- [ASSIGNMENT] Your output must consist of the records printed verbatim, with the pictures excluded.

- [DATA FOR THIS TASK]
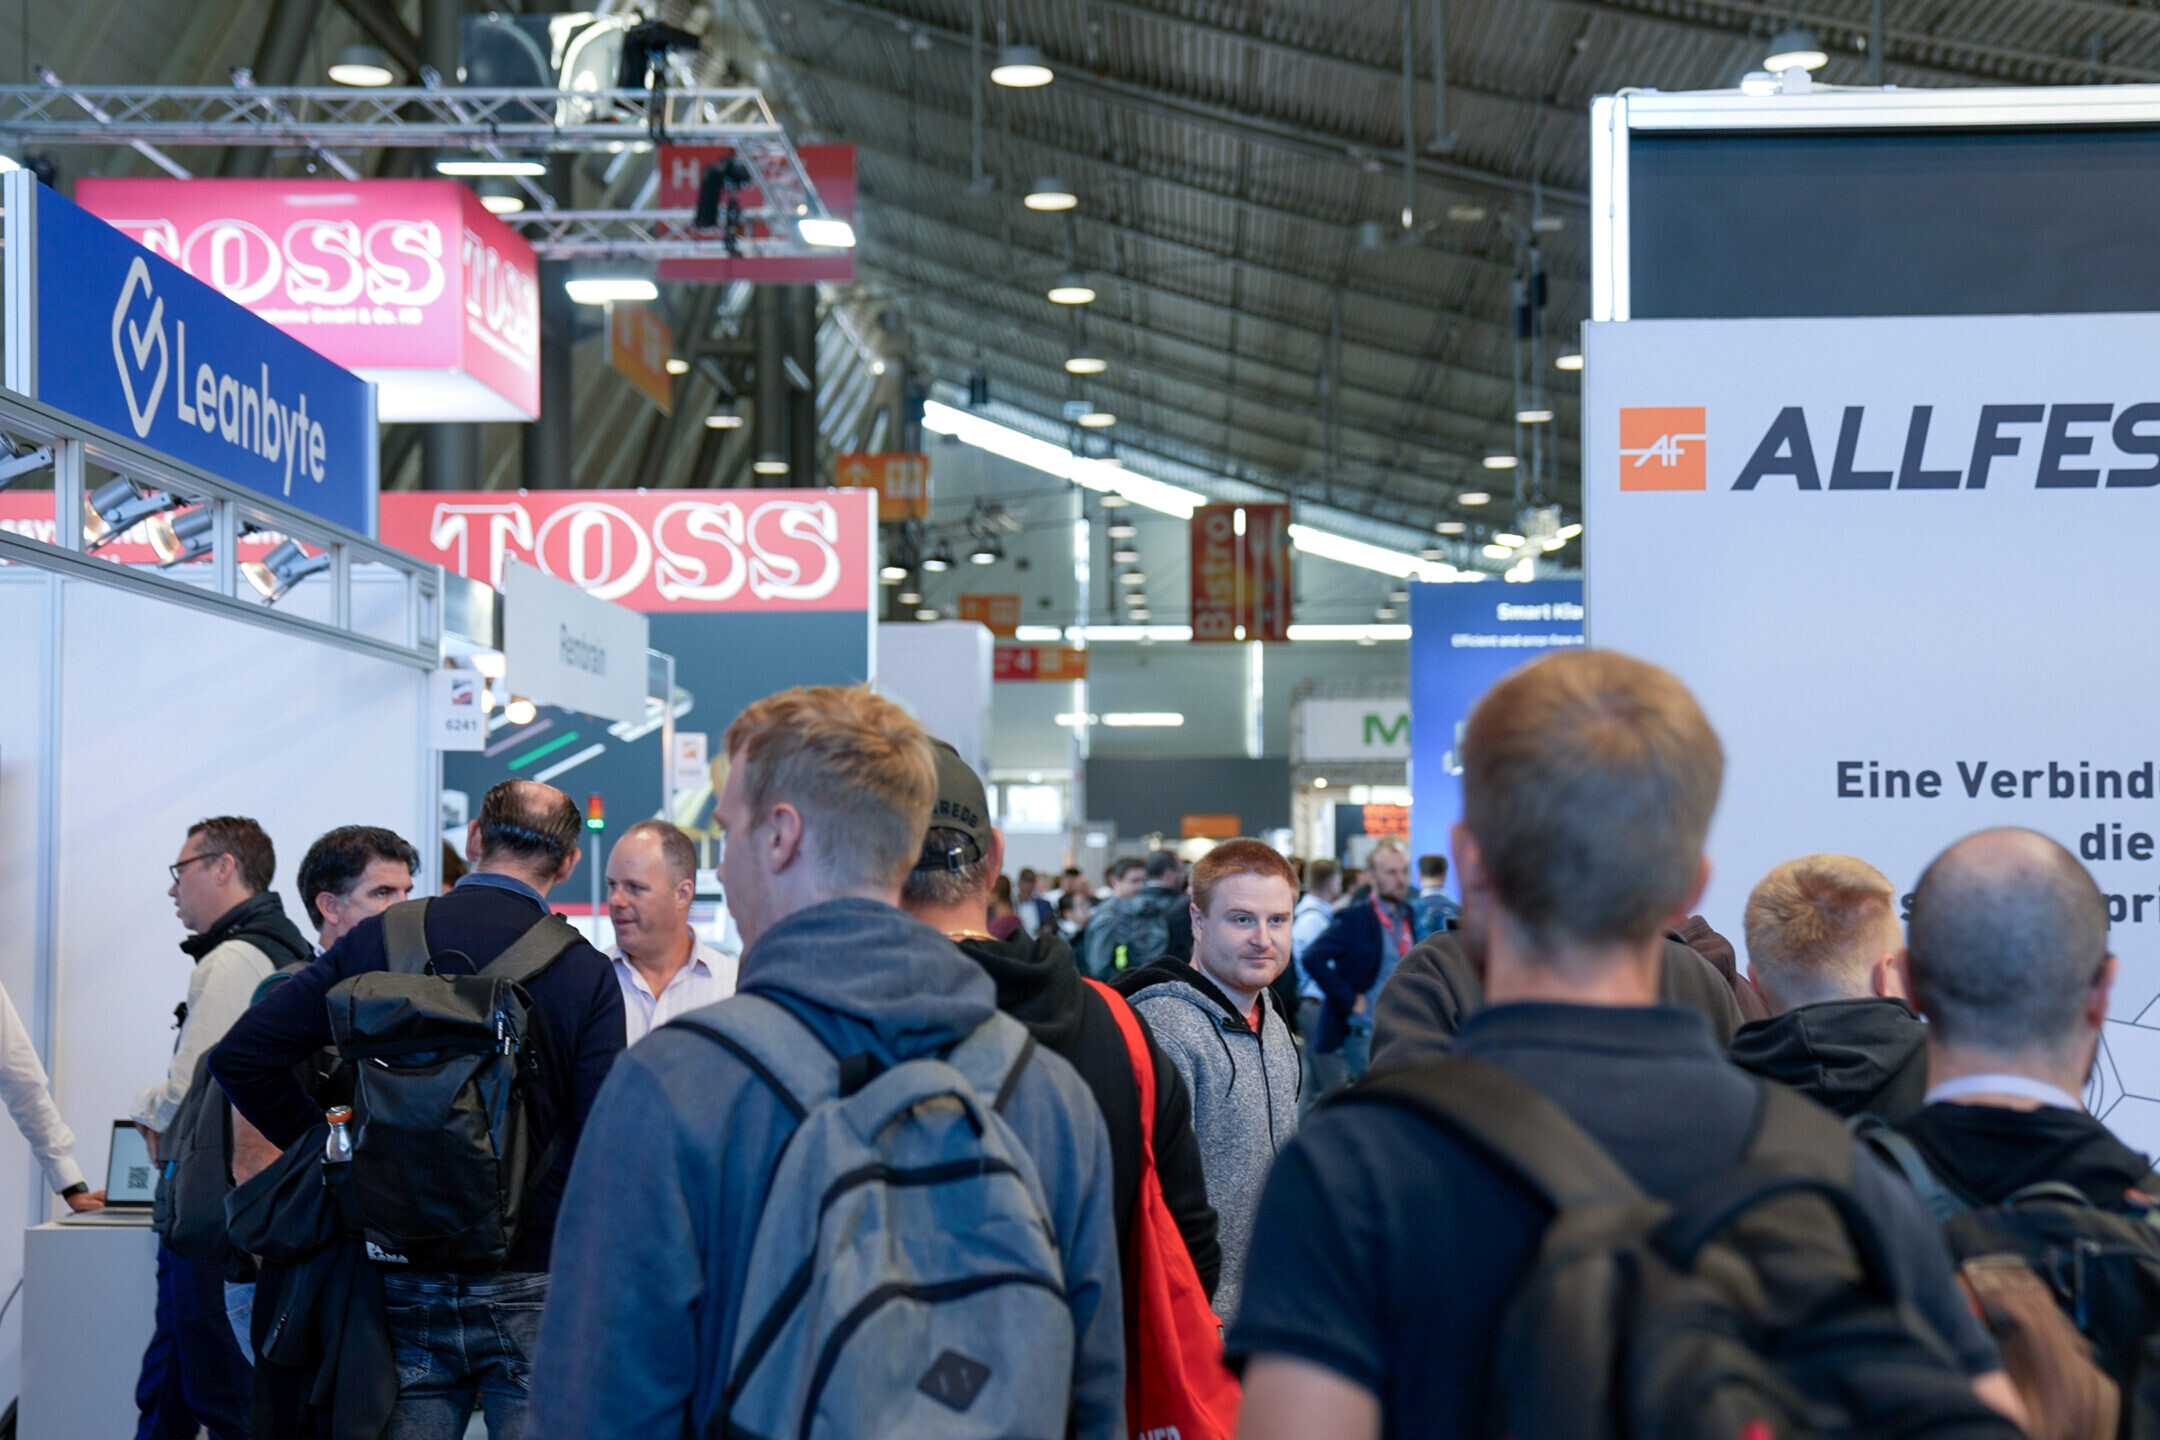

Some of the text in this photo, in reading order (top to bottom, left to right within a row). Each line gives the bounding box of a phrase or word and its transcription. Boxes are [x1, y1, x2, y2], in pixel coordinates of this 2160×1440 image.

[177, 319, 326, 497] Leanbyte
[430, 501, 841, 601] TOSS
[1195, 512, 1232, 638] Bistro
[1837, 761, 2160, 798] Eine Verbind
[2080, 823, 2154, 861] die

- [EXPECTED ANSWER]
Some of the text in this photo, in reading order (top to bottom, left to right within a row). Each line gives the bounding box of a phrase or word and its transcription. Boxes are [x1, y1, x2, y2], in pixel coordinates of this 2160×1440 image.

[177, 319, 326, 497] Leanbyte
[430, 501, 841, 601] TOSS
[1195, 512, 1232, 638] Bistro
[1837, 761, 2160, 798] Eine Verbind
[2080, 823, 2154, 861] die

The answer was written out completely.